YOUR OBJECTIVE: Print the whole listing, character for character.
-- -- --
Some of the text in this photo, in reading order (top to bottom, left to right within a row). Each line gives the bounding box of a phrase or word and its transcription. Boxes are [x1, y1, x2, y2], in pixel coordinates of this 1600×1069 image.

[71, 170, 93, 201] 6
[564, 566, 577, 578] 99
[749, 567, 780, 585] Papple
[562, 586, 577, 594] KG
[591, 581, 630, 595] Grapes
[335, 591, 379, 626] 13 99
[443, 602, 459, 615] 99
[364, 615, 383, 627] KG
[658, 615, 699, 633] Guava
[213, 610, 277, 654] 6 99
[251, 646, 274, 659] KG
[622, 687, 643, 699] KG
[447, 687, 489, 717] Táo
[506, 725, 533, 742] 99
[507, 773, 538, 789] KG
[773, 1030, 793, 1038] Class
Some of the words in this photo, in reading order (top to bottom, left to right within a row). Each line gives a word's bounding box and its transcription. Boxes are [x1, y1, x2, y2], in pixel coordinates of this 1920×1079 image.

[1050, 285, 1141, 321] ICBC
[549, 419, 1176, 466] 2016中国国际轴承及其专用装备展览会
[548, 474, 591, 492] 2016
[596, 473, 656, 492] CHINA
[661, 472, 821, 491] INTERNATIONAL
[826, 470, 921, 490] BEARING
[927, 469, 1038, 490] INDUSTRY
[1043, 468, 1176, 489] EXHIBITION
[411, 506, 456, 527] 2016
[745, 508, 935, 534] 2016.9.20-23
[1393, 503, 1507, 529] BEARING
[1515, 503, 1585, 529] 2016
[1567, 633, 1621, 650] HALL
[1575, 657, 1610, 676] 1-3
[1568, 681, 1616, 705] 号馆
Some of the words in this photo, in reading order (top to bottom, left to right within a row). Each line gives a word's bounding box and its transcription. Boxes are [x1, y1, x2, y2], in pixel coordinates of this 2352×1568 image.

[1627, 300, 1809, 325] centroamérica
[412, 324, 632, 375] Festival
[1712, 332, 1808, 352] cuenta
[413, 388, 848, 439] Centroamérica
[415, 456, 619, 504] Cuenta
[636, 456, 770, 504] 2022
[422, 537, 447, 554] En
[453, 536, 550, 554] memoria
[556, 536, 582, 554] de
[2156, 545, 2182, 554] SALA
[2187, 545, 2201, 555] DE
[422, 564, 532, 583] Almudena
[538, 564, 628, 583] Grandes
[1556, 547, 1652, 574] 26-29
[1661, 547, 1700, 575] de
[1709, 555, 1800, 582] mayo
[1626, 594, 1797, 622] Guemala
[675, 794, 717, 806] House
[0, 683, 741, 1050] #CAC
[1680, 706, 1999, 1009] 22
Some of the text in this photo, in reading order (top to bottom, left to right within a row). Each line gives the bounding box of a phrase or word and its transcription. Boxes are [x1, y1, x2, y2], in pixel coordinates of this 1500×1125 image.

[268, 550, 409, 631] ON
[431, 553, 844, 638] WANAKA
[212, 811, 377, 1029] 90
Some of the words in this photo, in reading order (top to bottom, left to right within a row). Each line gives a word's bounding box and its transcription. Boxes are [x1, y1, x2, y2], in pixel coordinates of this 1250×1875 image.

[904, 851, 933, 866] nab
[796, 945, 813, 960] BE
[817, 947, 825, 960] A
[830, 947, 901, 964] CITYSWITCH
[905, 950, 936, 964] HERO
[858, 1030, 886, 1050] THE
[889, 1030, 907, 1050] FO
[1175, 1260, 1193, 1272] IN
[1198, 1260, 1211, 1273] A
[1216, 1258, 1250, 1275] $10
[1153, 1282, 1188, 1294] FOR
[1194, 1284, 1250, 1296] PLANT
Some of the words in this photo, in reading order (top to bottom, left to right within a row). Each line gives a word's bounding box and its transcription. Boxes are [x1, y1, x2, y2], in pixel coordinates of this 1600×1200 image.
-- -- --
REPLY TO THE EXERCISE:
Some of the text in this photo, in reading order (top to bottom, left to right within a row). Each line gives the bounding box of a phrase or word and its transcription. Boxes are [x1, y1, x2, y2], in pixel coordinates of this 1600×1069 image.

[71, 170, 93, 201] 6
[564, 566, 577, 578] 99
[749, 567, 780, 585] Papple
[562, 586, 577, 594] KG
[591, 581, 630, 595] Grapes
[335, 591, 379, 626] 13 99
[443, 602, 459, 615] 99
[364, 615, 383, 627] KG
[658, 615, 699, 633] Guava
[213, 610, 277, 654] 6 99
[251, 646, 274, 659] KG
[622, 687, 643, 699] KG
[447, 687, 489, 717] Táo
[506, 725, 533, 742] 99
[507, 773, 538, 789] KG
[773, 1030, 793, 1038] Class
Some of the words in this photo, in reading order (top to bottom, left to right within a row). Each line gives a word's bounding box and its transcription. Boxes are [x1, y1, x2, y2], in pixel coordinates of this 1920×1079 image.

[1050, 285, 1141, 321] ICBC
[549, 419, 1176, 466] 2016中国国际轴承及其专用装备展览会
[548, 474, 591, 492] 2016
[596, 473, 656, 492] CHINA
[661, 472, 821, 491] INTERNATIONAL
[826, 470, 921, 490] BEARING
[927, 469, 1038, 490] INDUSTRY
[1043, 468, 1176, 489] EXHIBITION
[411, 506, 456, 527] 2016
[745, 508, 935, 534] 2016.9.20-23
[1393, 503, 1507, 529] BEARING
[1515, 503, 1585, 529] 2016
[1567, 633, 1621, 650] HALL
[1575, 657, 1610, 676] 1-3
[1568, 681, 1616, 705] 号馆
Some of the words in this photo, in reading order (top to bottom, left to right within a row). Each line gives a word's bounding box and its transcription. Boxes are [x1, y1, x2, y2], in pixel coordinates of this 2352×1568 image.

[1627, 300, 1809, 325] centroamérica
[412, 324, 632, 375] Festival
[1712, 332, 1808, 352] cuenta
[413, 388, 848, 439] Centroamérica
[415, 456, 619, 504] Cuenta
[636, 456, 770, 504] 2022
[422, 537, 447, 554] En
[453, 536, 550, 554] memoria
[556, 536, 582, 554] de
[2156, 545, 2182, 554] SALA
[2187, 545, 2201, 555] DE
[422, 564, 532, 583] Almudena
[538, 564, 628, 583] Grandes
[1556, 547, 1652, 574] 26-29
[1661, 547, 1700, 575] de
[1709, 555, 1800, 582] mayo
[1626, 594, 1797, 622] Guemala
[675, 794, 717, 806] House
[0, 683, 741, 1050] #CAC
[1680, 706, 1999, 1009] 22
Some of the text in this photo, in reading order (top to bottom, left to right within a row). Each line gives the bounding box of a phrase or word and its transcription. Boxes are [x1, y1, x2, y2], in pixel coordinates of this 1500×1125 image.

[268, 550, 409, 631] ON
[431, 553, 844, 638] WANAKA
[212, 811, 377, 1029] 90
Some of the words in this photo, in reading order (top to bottom, left to right within a row). Each line gives a word's bounding box and its transcription. Boxes are [x1, y1, x2, y2], in pixel coordinates of this 1250×1875 image.

[904, 851, 933, 866] nab
[796, 945, 813, 960] BE
[817, 947, 825, 960] A
[830, 947, 901, 964] CITYSWITCH
[905, 950, 936, 964] HERO
[858, 1030, 886, 1050] THE
[889, 1030, 907, 1050] FO
[1175, 1260, 1193, 1272] IN
[1198, 1260, 1211, 1273] A
[1216, 1258, 1250, 1275] $10
[1153, 1282, 1188, 1294] FOR
[1194, 1284, 1250, 1296] PLANT
Some of the words in this photo, in reading order (top to bottom, left to right within a row). Each line gives a word's bounding box and its transcription. Boxes are [x1, y1, x2, y2], in pixel coordinates of this 1600×1200 image.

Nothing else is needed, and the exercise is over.